Subject: IPsec performance
To: None <firstname.lastname@example.org, email@example.com,>
From: Thor Lancelot Simon <firstname.lastname@example.org>
Date: 07/18/2000 12:57:01
With 466MHz Celeron CPUs and decent network hardware (3c905B) the most
throughput I seem to be able to force through our IPsec is about 1.5MB/sec
(that's mega *bytes*, not bits). Though I'm told by several people that
this is not atypical for a software-only IPsec implementation, I don't
I am using ESP only, with blowfish-CBC and no message digest. The
"bfspeed" test program from the OpenSSL library, with the library's
blowfish compiled to *not* use any of the asm or funky compiler flags
(that is, pretty much the exact code that's in the kernel's blowfish,
compiled with the same flags) can do 9.18 MB/sec in CBC mode on this
exact same hardware.
I don't understand where the 6X difference in performance is coming
from. I would suspect cache effects but I think we're actually spending
most our time *not* encrypting -- if it were just that the cipher ran
much slower because the cache were being thrashed, I wouldn't expect
the machine to be spending most of its time in the idle loop, which it is;
I'd expect a huge increase in "sys" time during an IPsec transfer.

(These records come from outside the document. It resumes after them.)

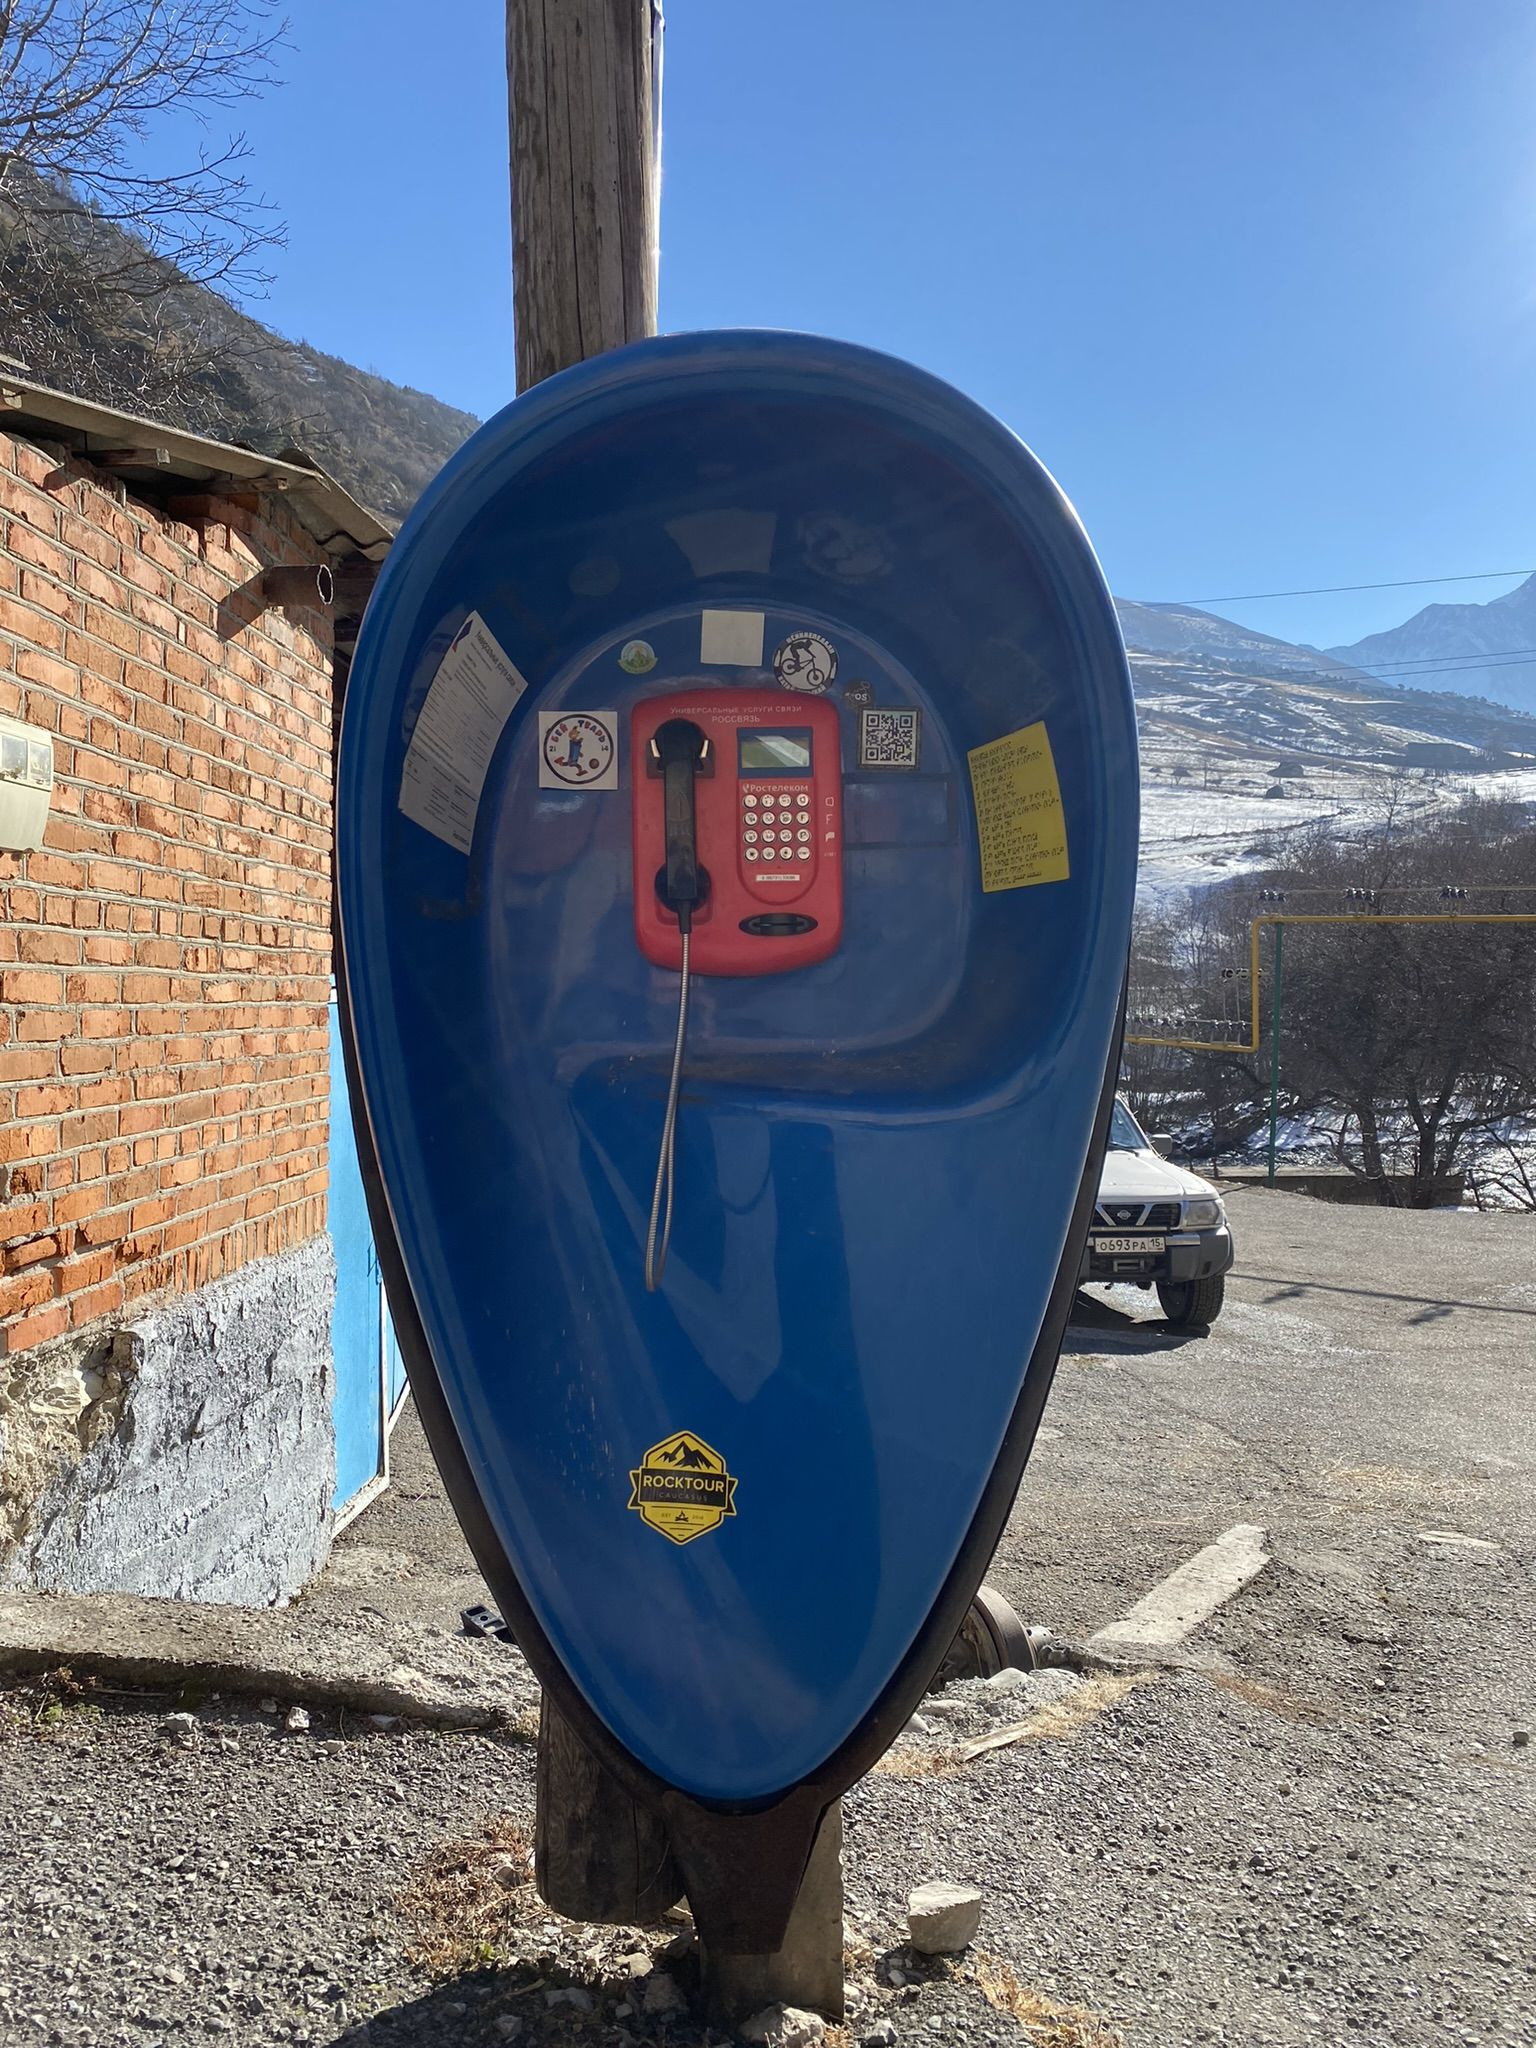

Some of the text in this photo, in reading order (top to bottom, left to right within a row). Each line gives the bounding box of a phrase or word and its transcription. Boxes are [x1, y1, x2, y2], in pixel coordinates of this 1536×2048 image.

[670, 706, 739, 715] УНИВЕРСАЛЬНЫЕ
[775, 705, 802, 713] СВЯЗИ
[711, 715, 761, 723] РОССВЯЗЬ
[577, 719, 607, 743] ТВАРЬ
[750, 783, 809, 793] Ростелеком
[1150, 1238, 1161, 1247] 15
[644, 1475, 724, 1492] ROCKTOUR
[659, 1492, 707, 1501] CAUCASUS

Interestingly, it's *also* not some kind of lockstep with the receiver;
two streams run as slowly as one.
Yes, I can buy a hardware crypto card and port the OpenBSD drivers. But
given the actual cipher performance, I don't see why I should expect any
improvement. Has anyone got an idea what's going on here?
Thor Lancelot Simon email@example.com
"And where do all these highways go, now that we are free?"